> **Work item**: Repeat each record below exactly, omitting whatever pictures appear in it.

> **Record set**:
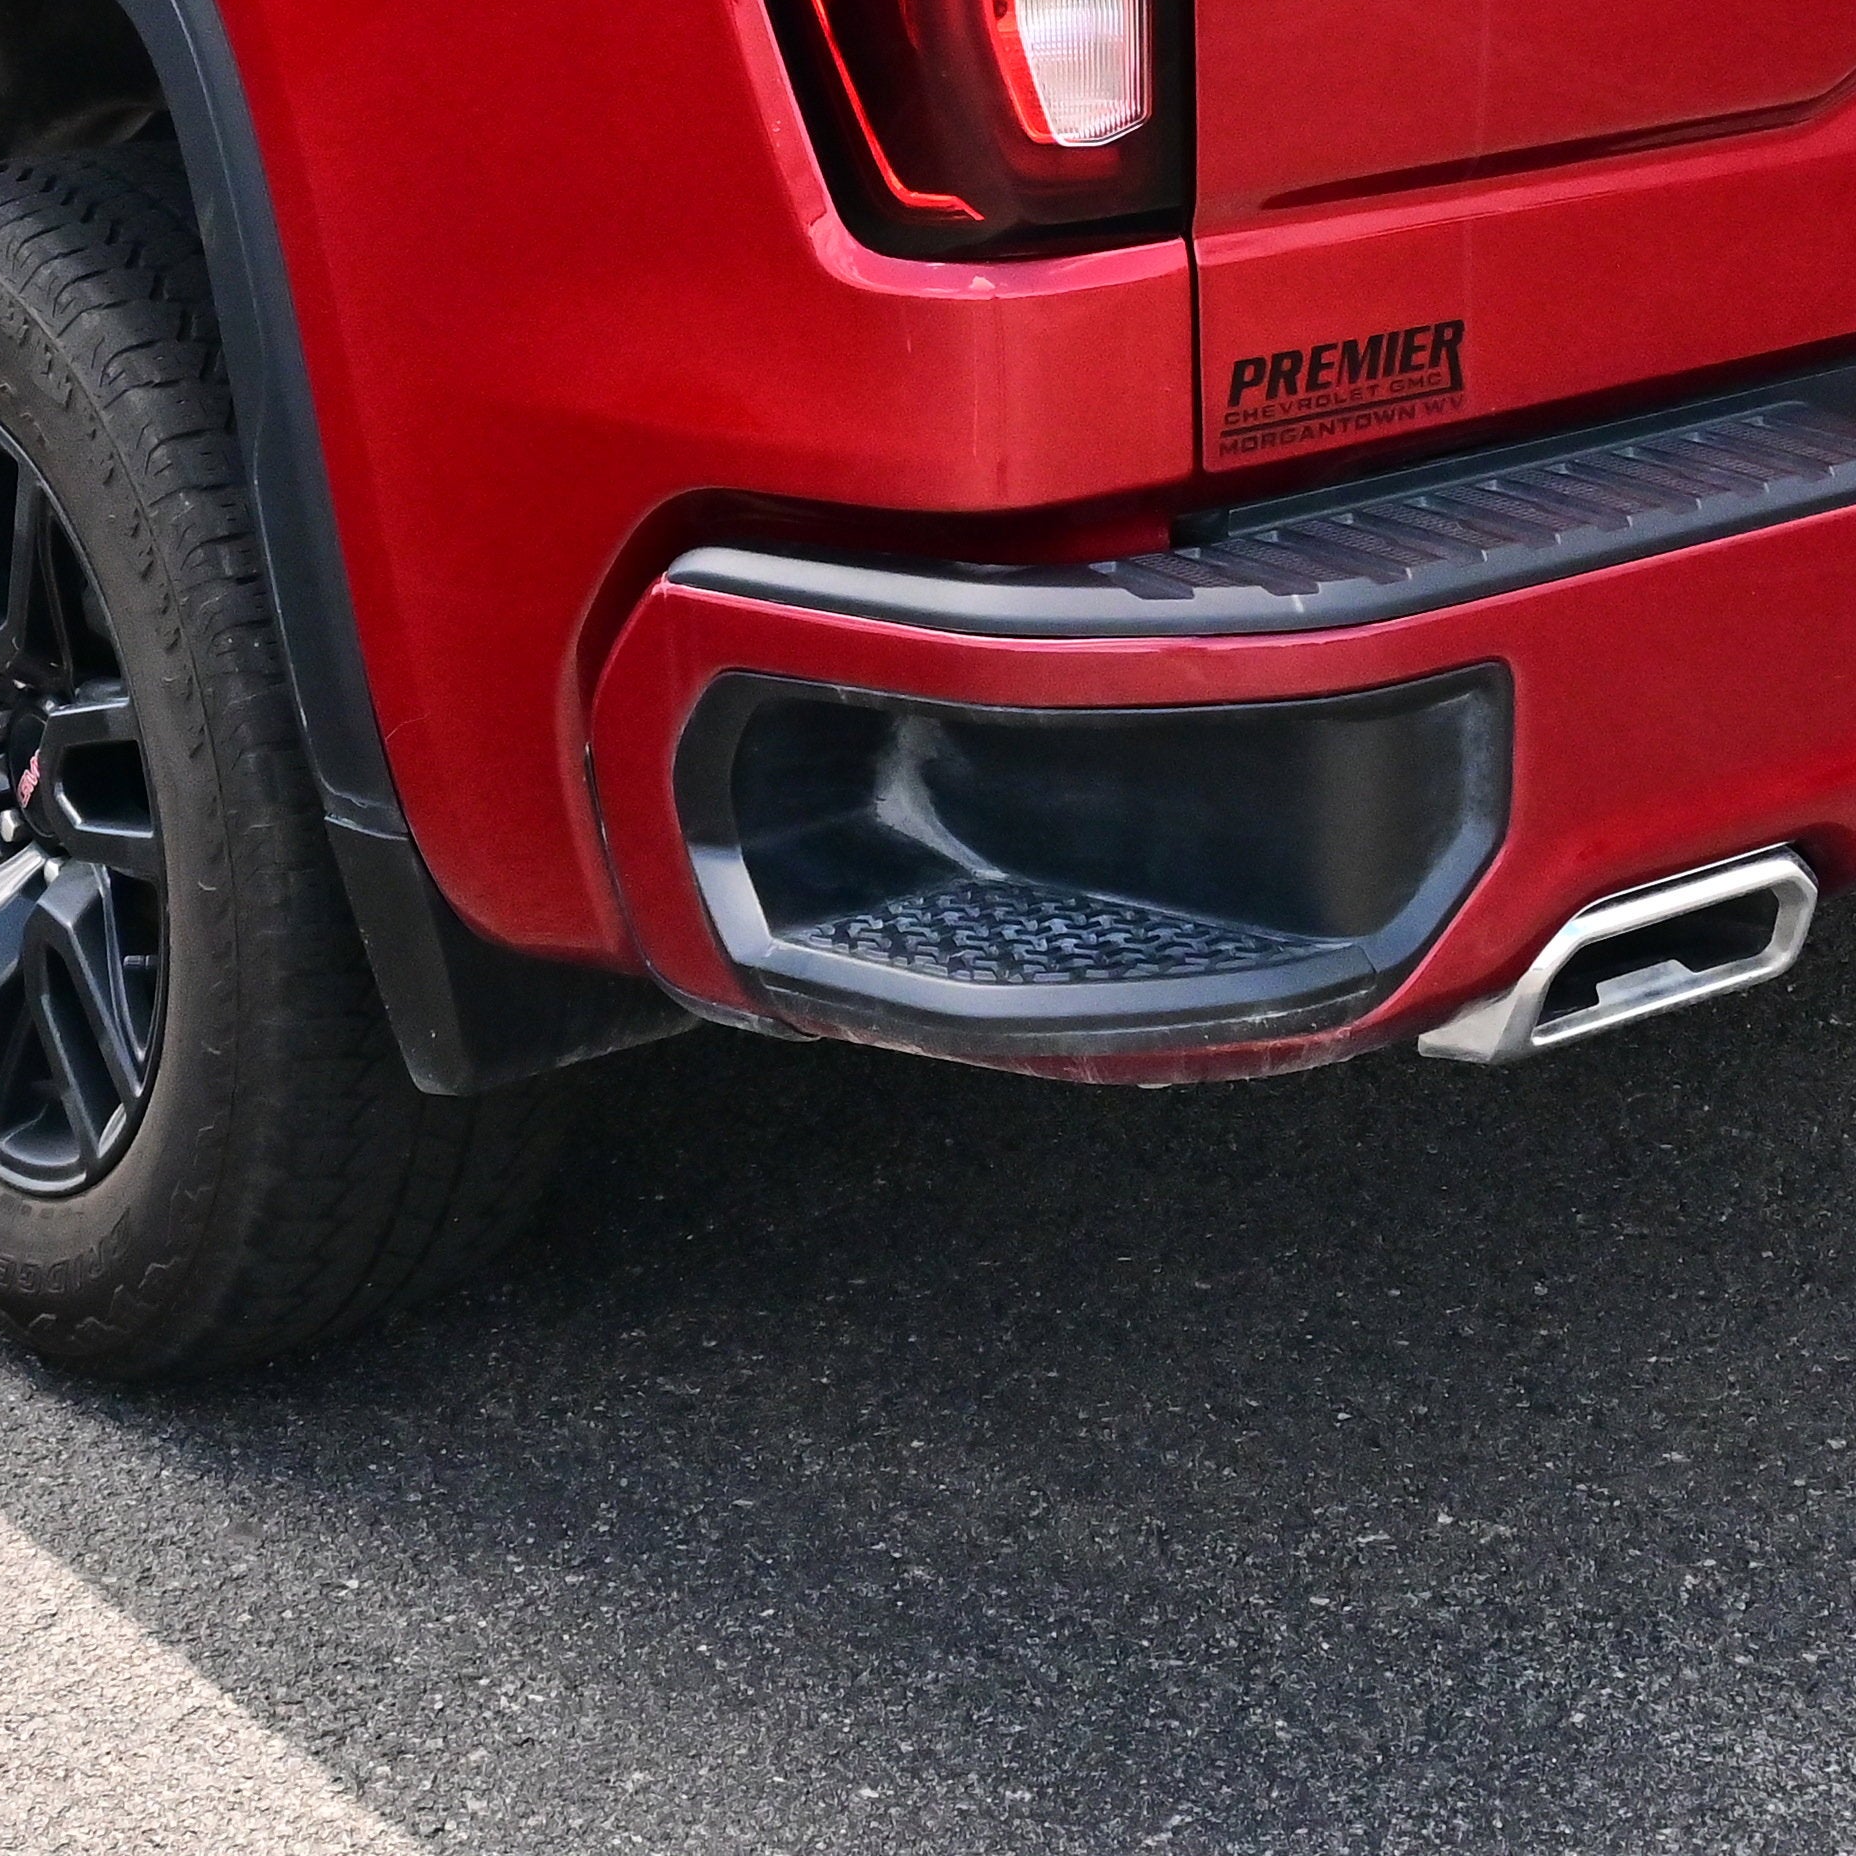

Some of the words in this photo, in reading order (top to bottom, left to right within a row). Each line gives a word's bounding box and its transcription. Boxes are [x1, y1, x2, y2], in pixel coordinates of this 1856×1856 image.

[1226, 318, 1466, 408] PREMIER
[1218, 404, 1417, 458] MORGANTOWN
[1422, 394, 1465, 416] WV
[1223, 383, 1380, 426] CHEVROLET
[1388, 370, 1443, 394] GMC
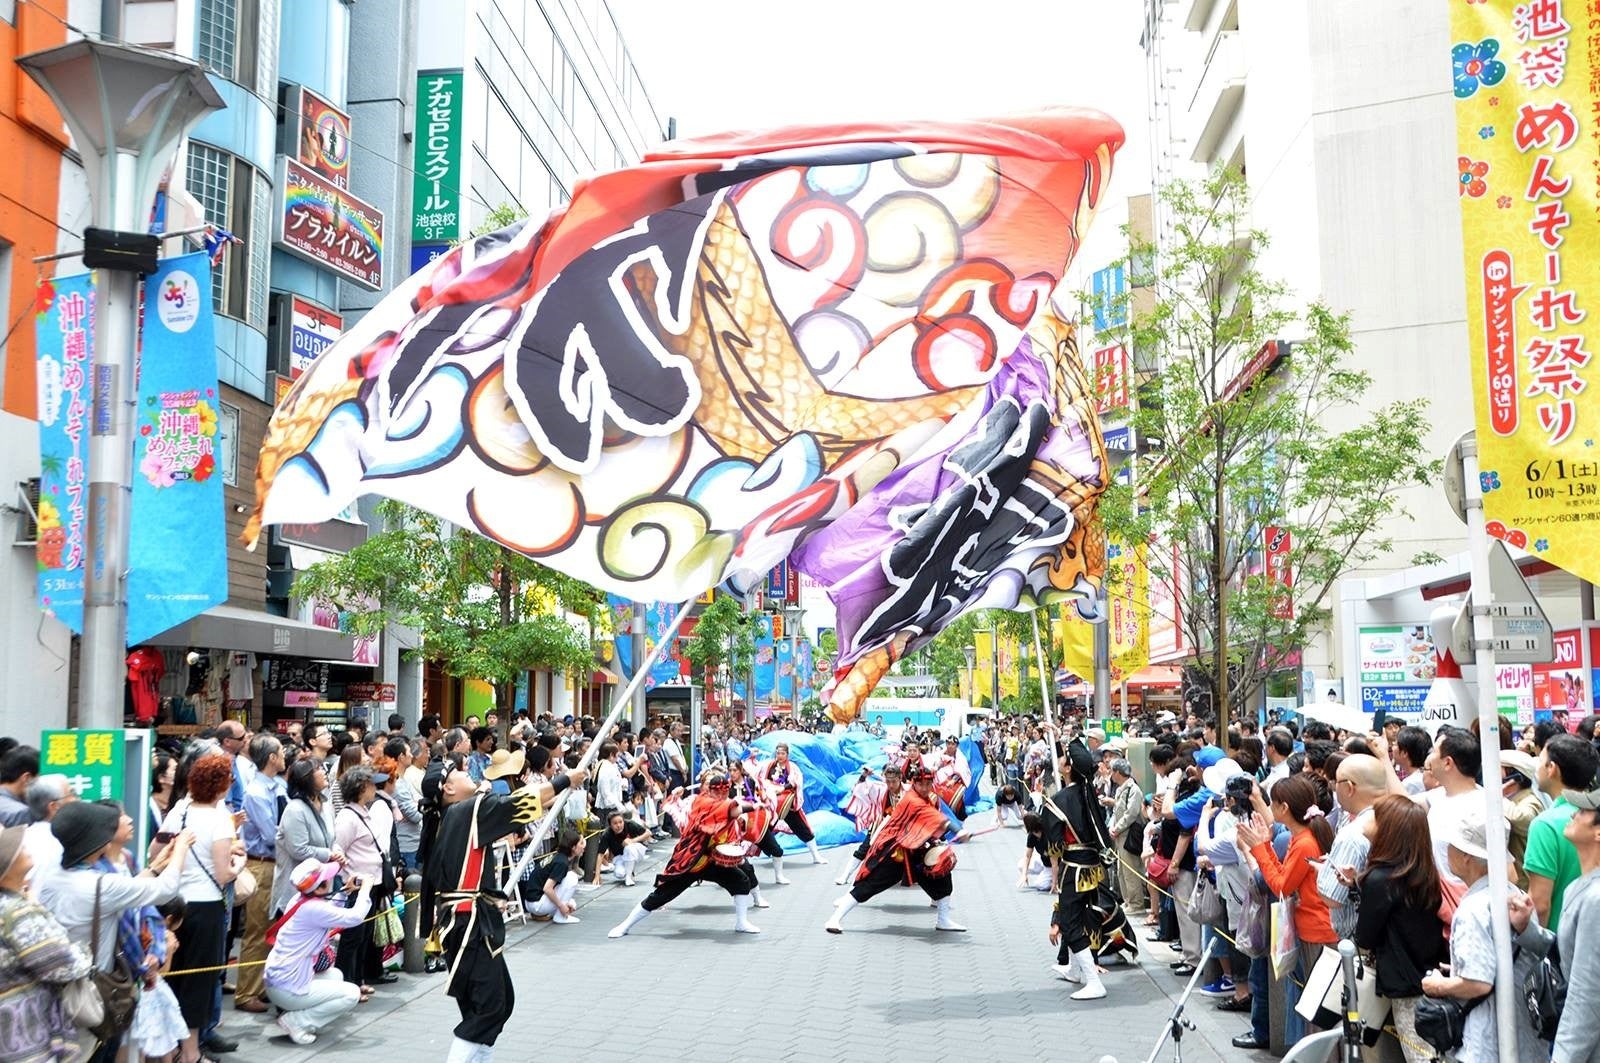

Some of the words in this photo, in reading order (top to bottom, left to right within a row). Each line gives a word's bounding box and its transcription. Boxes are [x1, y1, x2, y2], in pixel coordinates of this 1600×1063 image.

[424, 78, 453, 211] ナガセPCスクール
[341, 203, 381, 230] マッサージ
[416, 214, 456, 228] 池袋校
[291, 208, 377, 265] プラカイルン
[424, 227, 445, 240] 3F
[369, 271, 381, 285] 4F
[1490, 266, 1505, 277] in
[306, 310, 327, 332] 3F
[1489, 284, 1513, 423] サンシャイン60通り
[160, 410, 200, 435] 沖縄
[148, 437, 212, 455] めんそーれ
[1364, 688, 1384, 701] B2F
[47, 733, 113, 765] 悪質
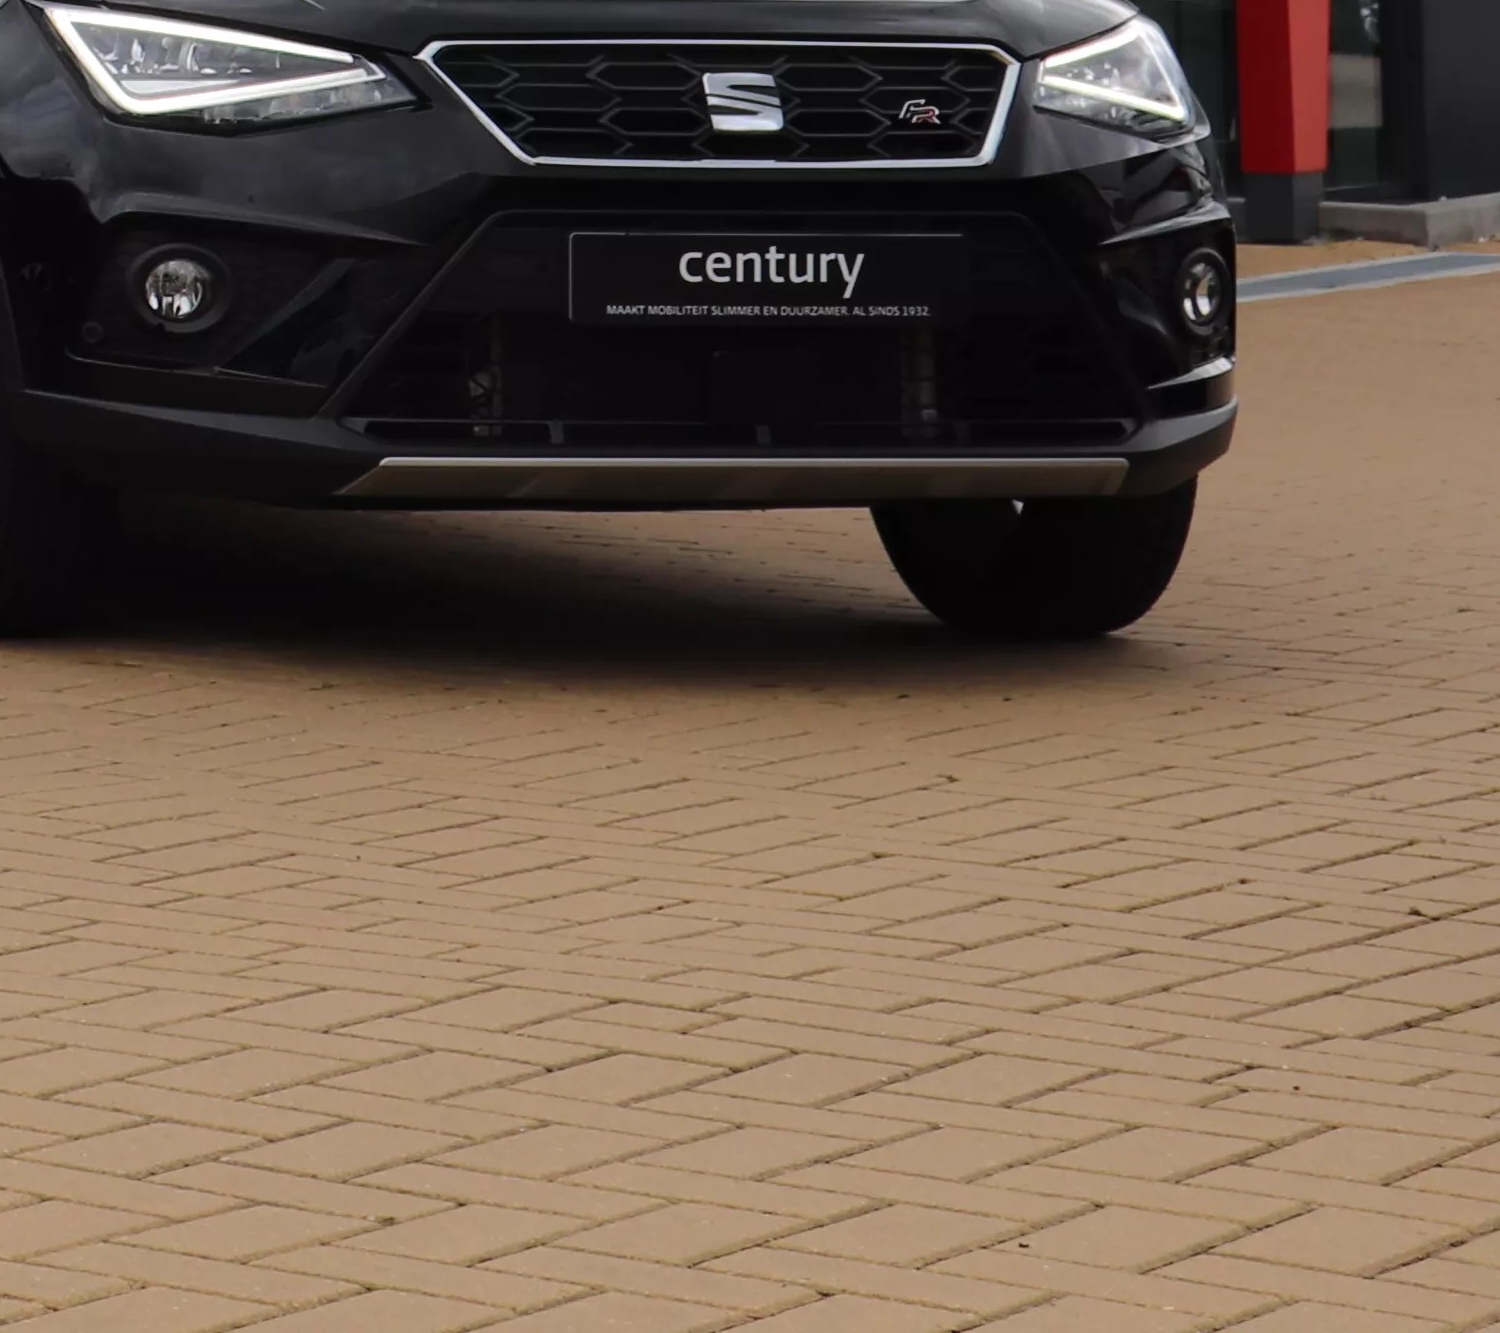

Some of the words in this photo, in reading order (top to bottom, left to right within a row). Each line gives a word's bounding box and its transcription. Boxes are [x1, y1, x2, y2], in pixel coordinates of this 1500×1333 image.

[898, 99, 941, 124] FR
[679, 246, 865, 299] century
[606, 304, 645, 316] MAAKT
[647, 304, 709, 316] MOBILITEIT
[711, 305, 761, 316] SLIMMER
[763, 305, 778, 316] EN
[852, 305, 866, 316] AL
[868, 305, 900, 317] SINDS

> **Your solution**:
Some of the words in this photo, in reading order (top to bottom, left to right within a row). Each line gives a word's bounding box and its transcription. Boxes are [x1, y1, x2, y2], in pixel coordinates of this 1856×1856 image.

[1226, 318, 1466, 408] PREMIER
[1218, 404, 1417, 458] MORGANTOWN
[1422, 394, 1465, 416] WV
[1223, 383, 1380, 426] CHEVROLET
[1388, 370, 1443, 394] GMC

Some of the words in this photo, in reading order (top to bottom, left to right within a row). Each line gives a word's bounding box and its transcription. Boxes are [x1, y1, x2, y2], in pixel coordinates of this 1600×1063 image.

[424, 78, 453, 211] ナガセPCスクール
[341, 203, 381, 230] マッサージ
[416, 214, 456, 228] 池袋校
[291, 208, 377, 265] プラカイルン
[424, 227, 445, 240] 3F
[369, 271, 381, 285] 4F
[1490, 266, 1505, 277] in
[306, 310, 327, 332] 3F
[1489, 284, 1513, 423] サンシャイン60通り
[160, 410, 200, 435] 沖縄
[148, 437, 212, 455] めんそーれ
[1364, 688, 1384, 701] B2F
[47, 733, 113, 765] 悪質

Some of the words in this photo, in reading order (top to bottom, left to right within a row). Each line gives a word's bounding box and its transcription. Boxes are [x1, y1, x2, y2], in pixel coordinates of this 1500×1333 image.

[898, 99, 941, 124] FR
[679, 246, 865, 299] century
[606, 304, 645, 316] MAAKT
[647, 304, 709, 316] MOBILITEIT
[711, 305, 761, 316] SLIMMER
[763, 305, 778, 316] EN
[852, 305, 866, 316] AL
[868, 305, 900, 317] SINDS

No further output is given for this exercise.